Although pictures appear in the records, the copy must leave them out and match everything else exactly.

**Records provided**
++++++++++

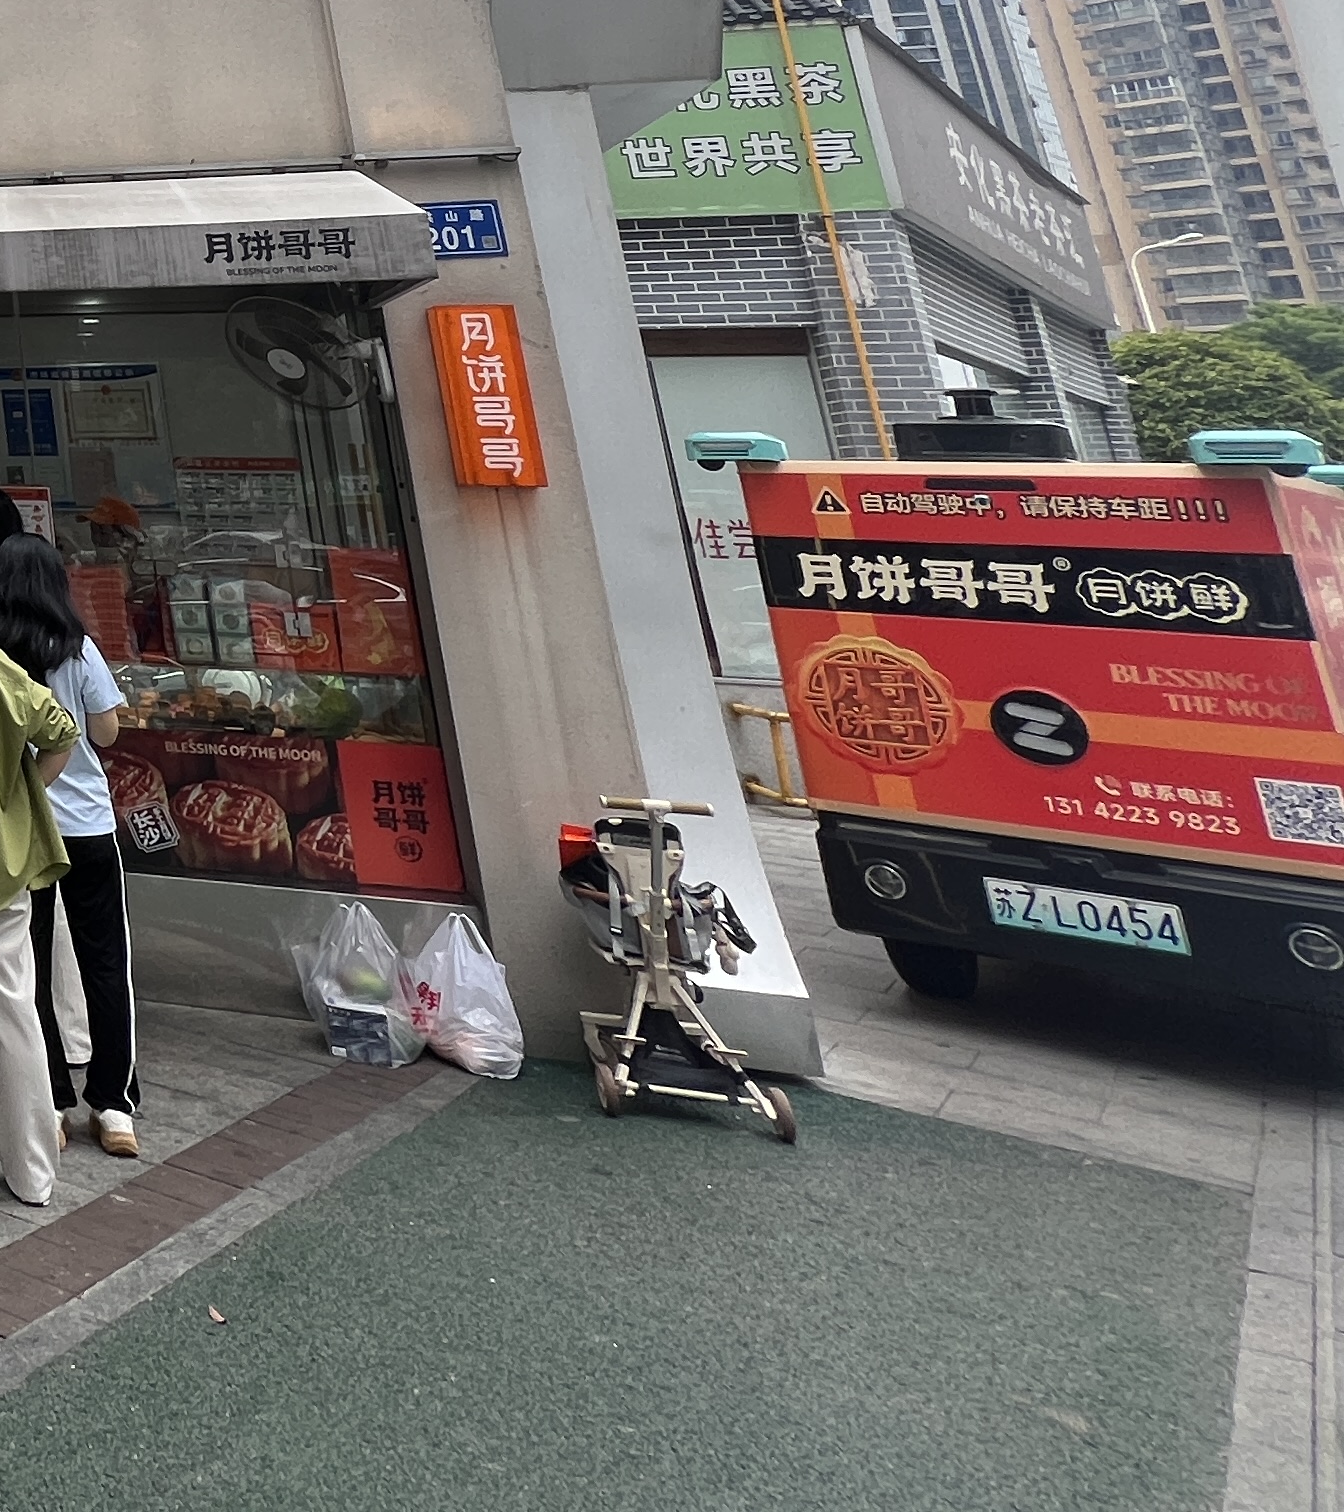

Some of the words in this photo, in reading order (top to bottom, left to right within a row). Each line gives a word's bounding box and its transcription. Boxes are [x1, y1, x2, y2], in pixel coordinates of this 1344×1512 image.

[621, 128, 862, 179] 世界共享
[204, 227, 356, 263] 月饼哥哥
[429, 225, 475, 250] 201
[272, 266, 286, 275] OF
[287, 265, 305, 274] THE
[307, 263, 338, 273] MOON
[460, 312, 524, 478] 月饼哥哥
[796, 552, 1056, 614] 月饼哥哥
[1088, 576, 1235, 612] 月饼鲜
[1108, 662, 1259, 693] BLESSING
[1163, 692, 1221, 715] THE
[165, 740, 227, 757] BLESSING
[229, 744, 249, 758] OF
[250, 746, 277, 761] THE
[278, 747, 322, 763] MOON
[372, 780, 425, 807] 月饼
[133, 810, 160, 846] 长沙
[373, 807, 430, 834] 哥哥
[1043, 795, 1084, 816] 131
[1094, 800, 1161, 826] 4223
[1169, 809, 1241, 836] 9823
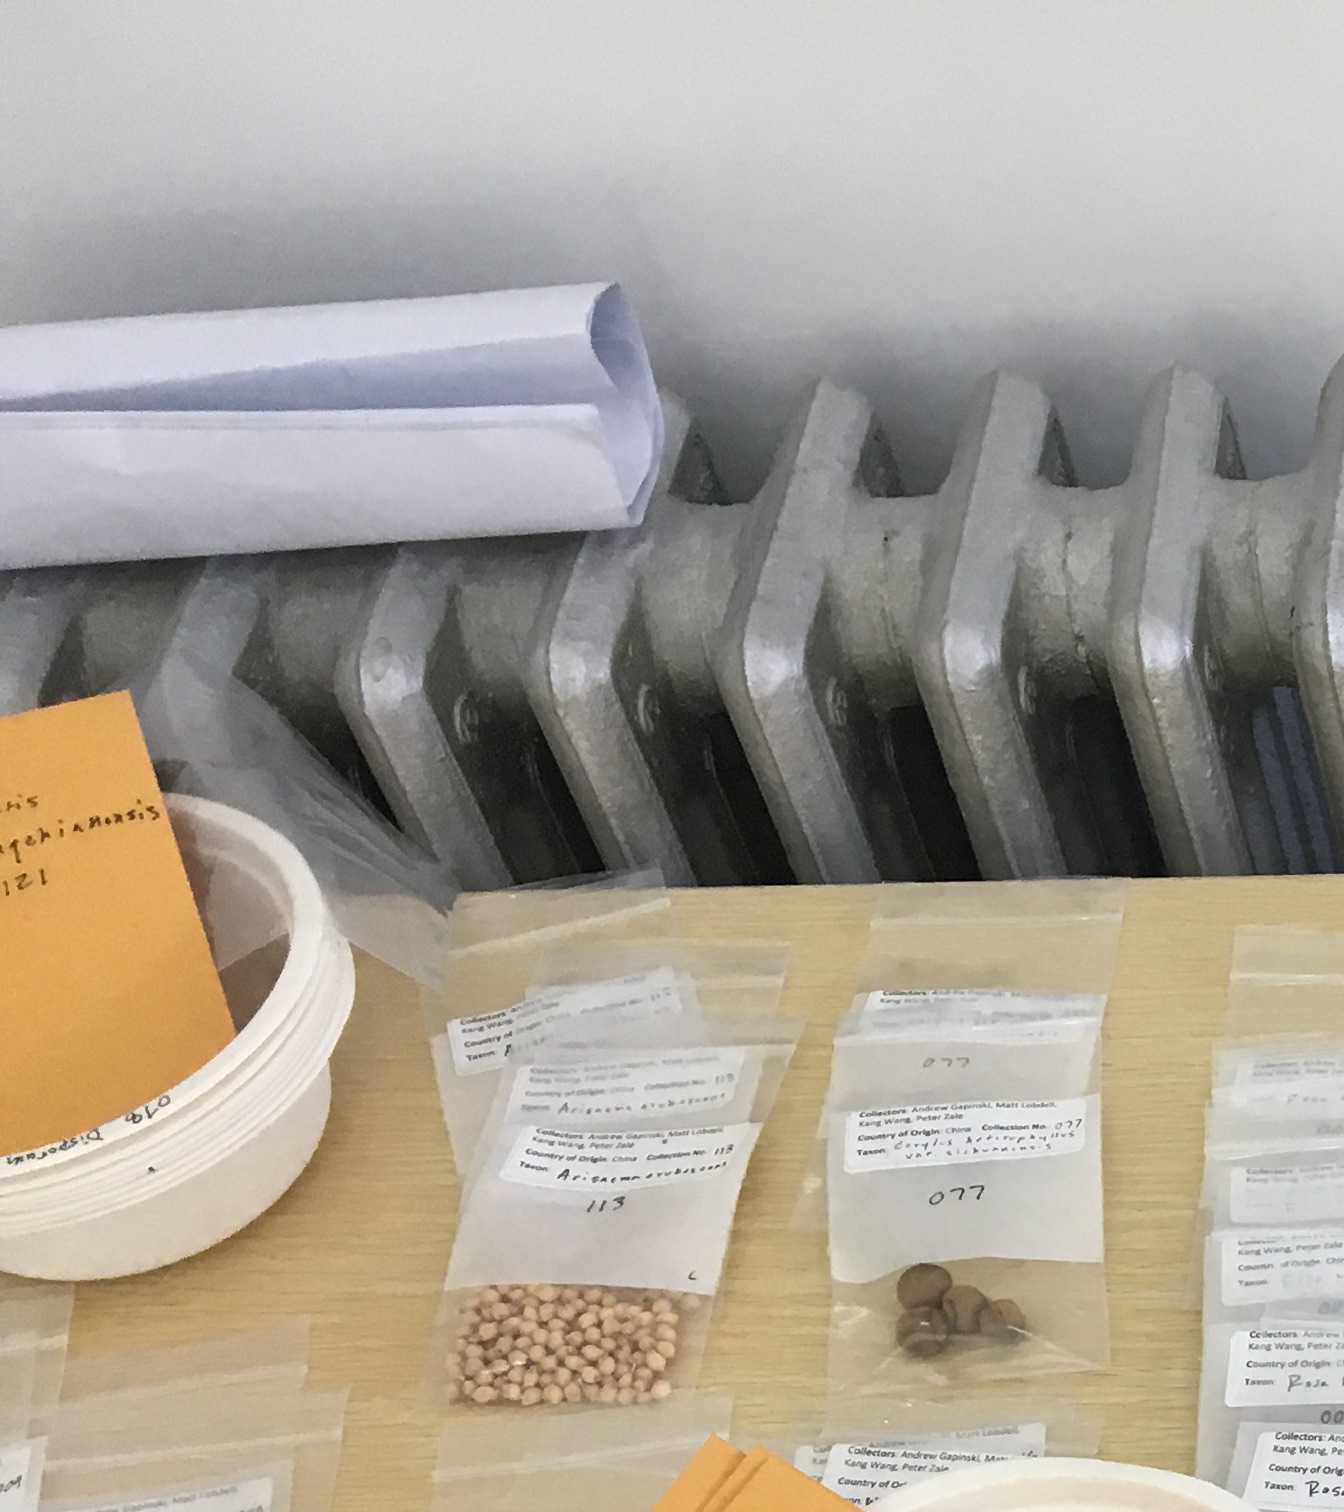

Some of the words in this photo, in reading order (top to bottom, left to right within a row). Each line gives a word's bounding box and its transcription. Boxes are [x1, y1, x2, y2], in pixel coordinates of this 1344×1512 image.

[2, 868, 47, 896] 121
[929, 1184, 985, 1206] 077
[586, 1195, 626, 1213] 113
[1274, 1431, 1325, 1442] Collectors:
[1272, 1445, 1296, 1455] Kang
[1268, 1463, 1308, 1475] Country
[1310, 1465, 1322, 1474] of

++++++++++

**Answer space**
Some of the words in this photo, in reading order (top to bottom, left to right within a row). Each line gives a word's bounding box and its transcription. Boxes are [x1, y1, x2, y2], in pixel coordinates of this 1344×1512 image.

[621, 128, 862, 179] 世界共享
[204, 227, 356, 263] 月饼哥哥
[429, 225, 475, 250] 201
[272, 266, 286, 275] OF
[287, 265, 305, 274] THE
[307, 263, 338, 273] MOON
[460, 312, 524, 478] 月饼哥哥
[796, 552, 1056, 614] 月饼哥哥
[1088, 576, 1235, 612] 月饼鲜
[1108, 662, 1259, 693] BLESSING
[1163, 692, 1221, 715] THE
[165, 740, 227, 757] BLESSING
[229, 744, 249, 758] OF
[250, 746, 277, 761] THE
[278, 747, 322, 763] MOON
[372, 780, 425, 807] 月饼
[133, 810, 160, 846] 长沙
[373, 807, 430, 834] 哥哥
[1043, 795, 1084, 816] 131
[1094, 800, 1161, 826] 4223
[1169, 809, 1241, 836] 9823

Some of the words in this photo, in reading order (top to bottom, left to right within a row). Each line gives a word's bounding box and its transcription. Boxes are [x1, y1, x2, y2], in pixel coordinates of this 1344×1512 image.

[2, 868, 47, 896] 121
[929, 1184, 985, 1206] 077
[586, 1195, 626, 1213] 113
[1274, 1431, 1325, 1442] Collectors:
[1272, 1445, 1296, 1455] Kang
[1268, 1463, 1308, 1475] Country
[1310, 1465, 1322, 1474] of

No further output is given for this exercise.